== What is being asked ==
Quote all entries exactly, leaving pictures aside.

:: Record extracts

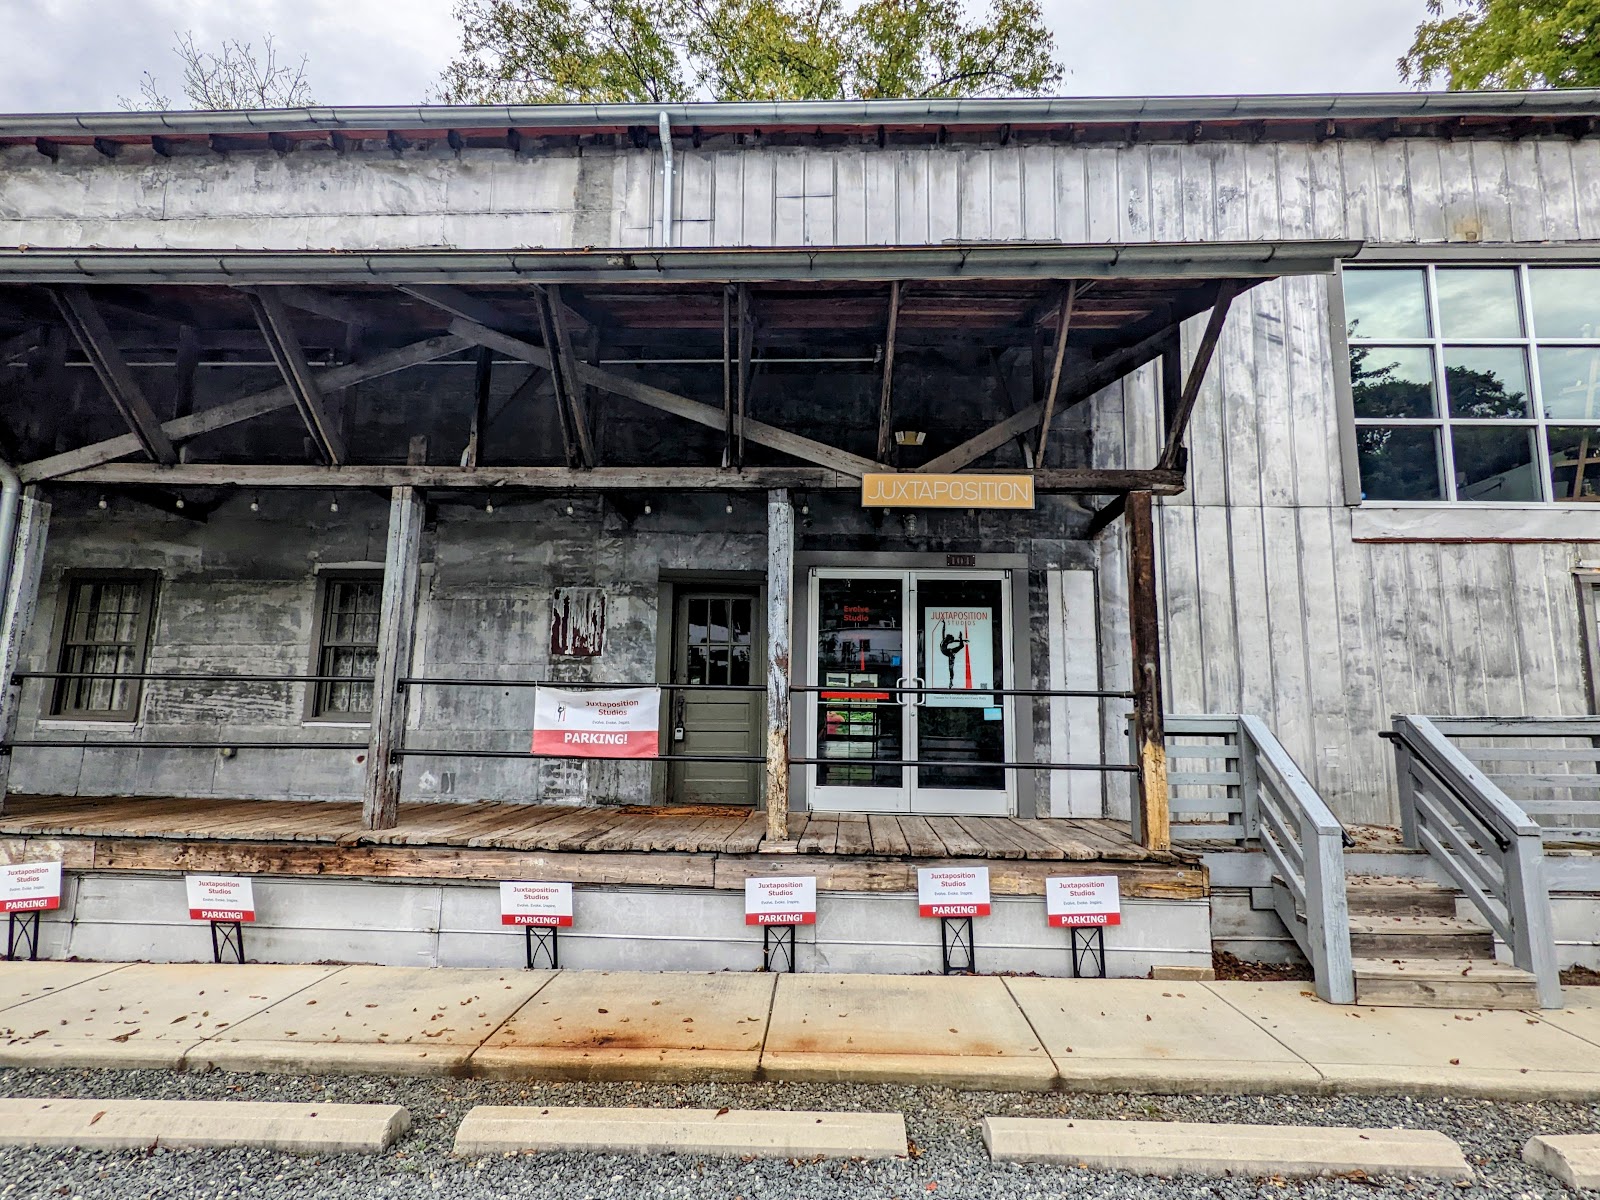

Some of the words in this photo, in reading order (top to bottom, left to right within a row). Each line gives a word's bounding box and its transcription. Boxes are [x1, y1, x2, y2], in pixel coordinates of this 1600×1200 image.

[868, 480, 1028, 501] JUXTAPOSITION
[930, 612, 988, 620] JUXTAPOSITION
[586, 700, 639, 708] Juxtaposition
[564, 732, 628, 744] PARKING!
[8, 868, 49, 876] Juxtaposition
[6, 899, 48, 910] PARKING!
[932, 906, 977, 914] PARKING!
[202, 911, 243, 919] PARKING!
[758, 914, 803, 922] PARKING!
[514, 916, 560, 924] PARKING!
[1061, 915, 1107, 924] PARKING!

::::

== Response to the exercise ==
Some of the words in this photo, in reading order (top to bottom, left to right within a row). Each line gives a word's bounding box and its transcription. Boxes are [x1, y1, x2, y2], in pixel coordinates of this 1600×1200 image.

[868, 480, 1028, 501] JUXTAPOSITION
[930, 612, 988, 620] JUXTAPOSITION
[586, 700, 639, 708] Juxtaposition
[564, 732, 628, 744] PARKING!
[8, 868, 49, 876] Juxtaposition
[6, 899, 48, 910] PARKING!
[932, 906, 977, 914] PARKING!
[202, 911, 243, 919] PARKING!
[758, 914, 803, 922] PARKING!
[514, 916, 560, 924] PARKING!
[1061, 915, 1107, 924] PARKING!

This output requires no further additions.